Esta pasta de dátiles es perfecta para endulzar tus postres. Es una opción más saludable que el azúcar de mesa, la miel, el azúcar de caña o los edulcorantes.
Los dátiles nos aportan fibra, vitaminas y minerales.
Aunque su mayor componente son los azúcares naturales, lo que los convierte en una fuente de energía rápida, perfectos si vas a realizar ejercicio.
Pero también elevan el azúcar en sangre y tienen un alto contenido calórico.
La mejor opción es comerlos enteros, pero en este caso los consumimos triturados, y la absorción de los azúcares todavía es más rápida.
Así que, sí, la pasta de dátiles muy buena opción para endulzar porque nos beneficiamos de las buenas propiedades de los dátiles, pero sin abusar.

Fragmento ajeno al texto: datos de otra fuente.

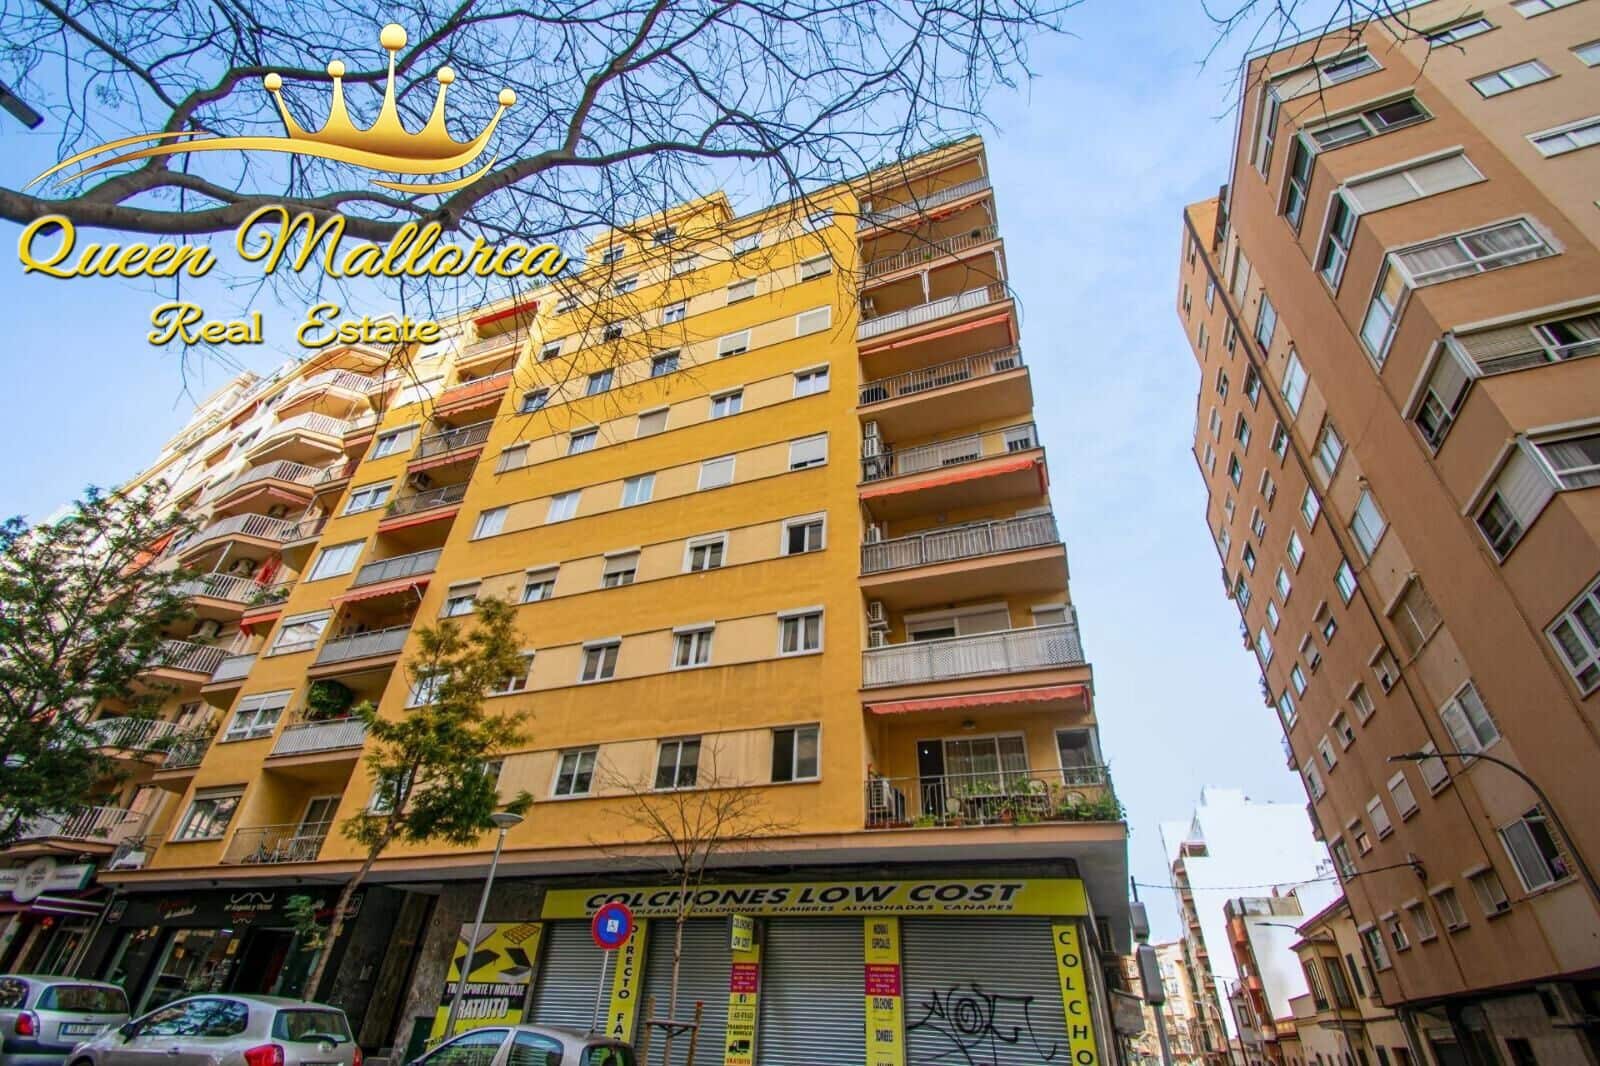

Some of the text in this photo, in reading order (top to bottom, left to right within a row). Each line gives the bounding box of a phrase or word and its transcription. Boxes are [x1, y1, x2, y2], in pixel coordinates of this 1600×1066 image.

[586, 884, 1023, 908] COLCHONES LOW COST
[692, 905, 764, 913] COLCHONES
[618, 925, 639, 999] DIRECTO
[447, 983, 489, 995] TRSPORTE
[1058, 931, 1094, 1066] COLCHO
[449, 997, 509, 1019] RATUITO
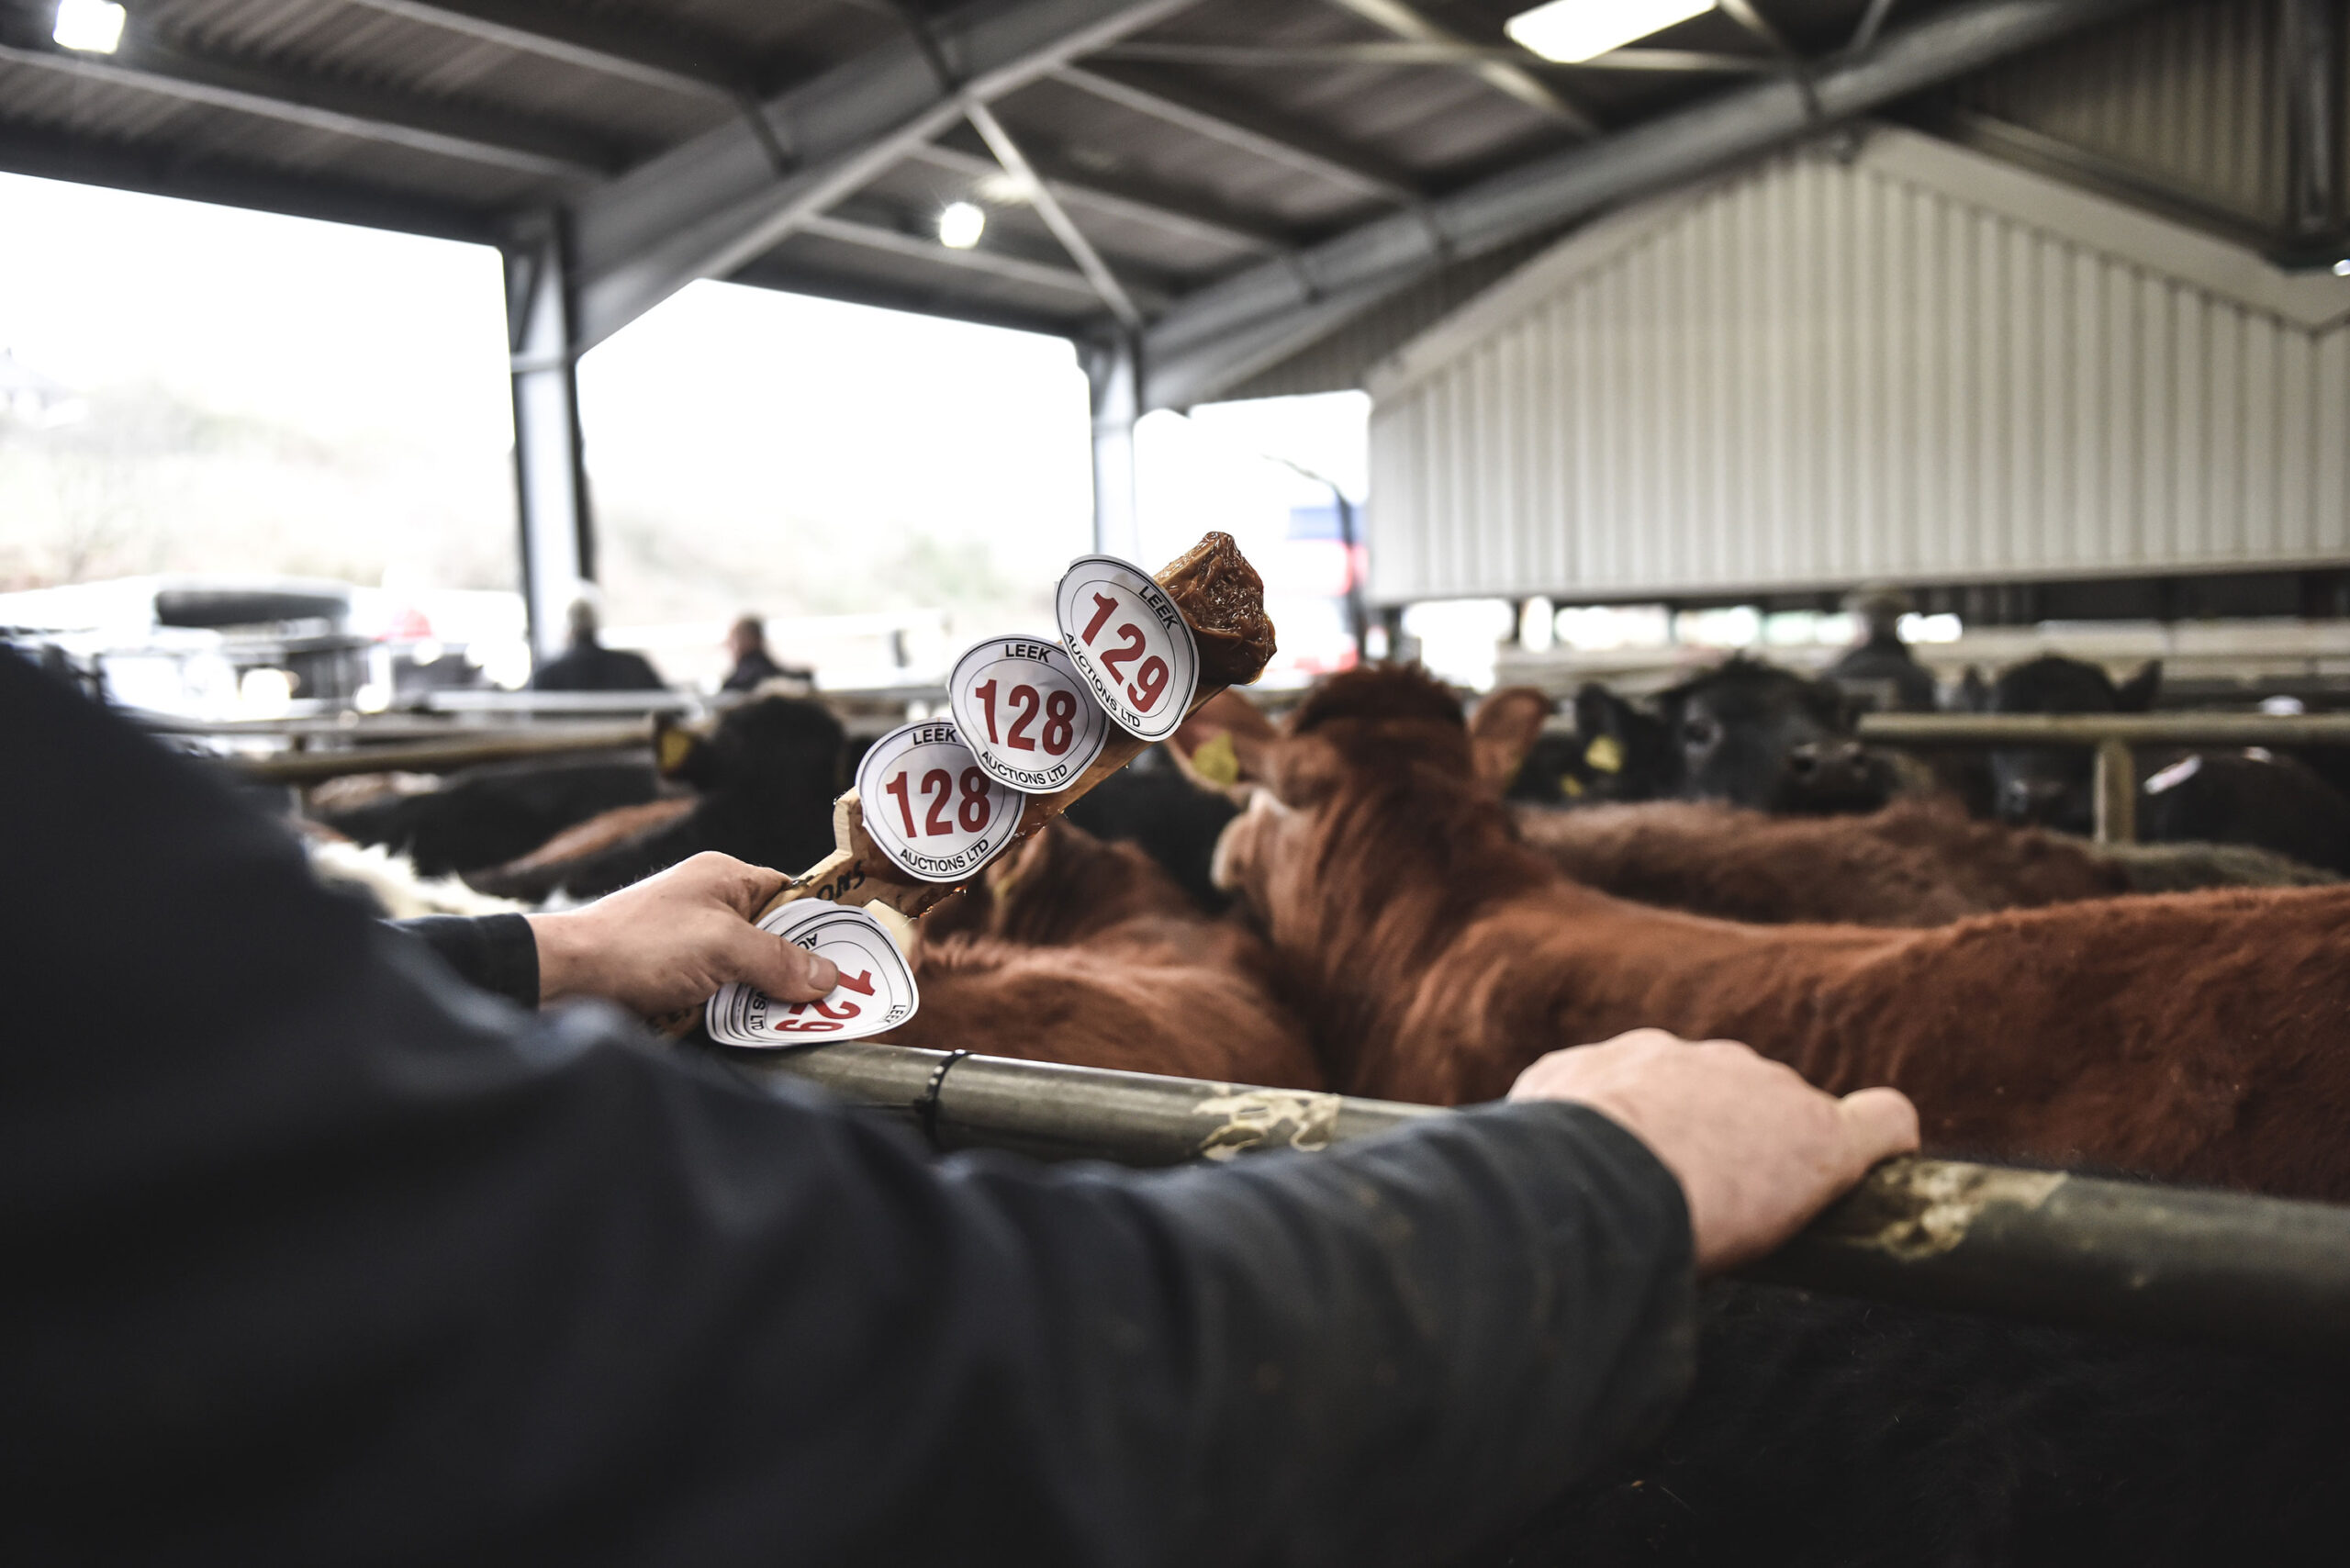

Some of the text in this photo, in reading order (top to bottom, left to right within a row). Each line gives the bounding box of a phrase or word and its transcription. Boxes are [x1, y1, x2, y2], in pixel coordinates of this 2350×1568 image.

[1138, 586, 1179, 631] LEEK
[1005, 644, 1051, 663] LEEK
[1081, 591, 1169, 713] 129
[1066, 633, 1141, 728] AUCTIONS LTD
[912, 728, 957, 745] LEEK
[975, 678, 1077, 756] 128
[981, 751, 1068, 785] AUCTIONS LTD
[886, 767, 990, 838] 128
[900, 839, 990, 871] AUCTIONS LTD
[750, 1014, 765, 1031] LTD
[775, 969, 876, 1032] 129

La pasta de dátiles se conserva en la nevera en un recipiente hermético, pero su duración puede variar bastante según la humedad y la higiene al prepararla. Aunque en teoría podría aguantar más tiempo, lo más recomendable es consumirla en 1–2 semanas para evitar que aparezca moho.
Para alargar su conservación, es importante guardarla bien cerrada, usar utensilios limpios cada vez que la manipules y mantenerla siempre refrigerada. Si no vas a consumirla en ese tiempo, una muy buena opción es congelarla en pequeñas porciones y descongelar solo la cantidad que necesites.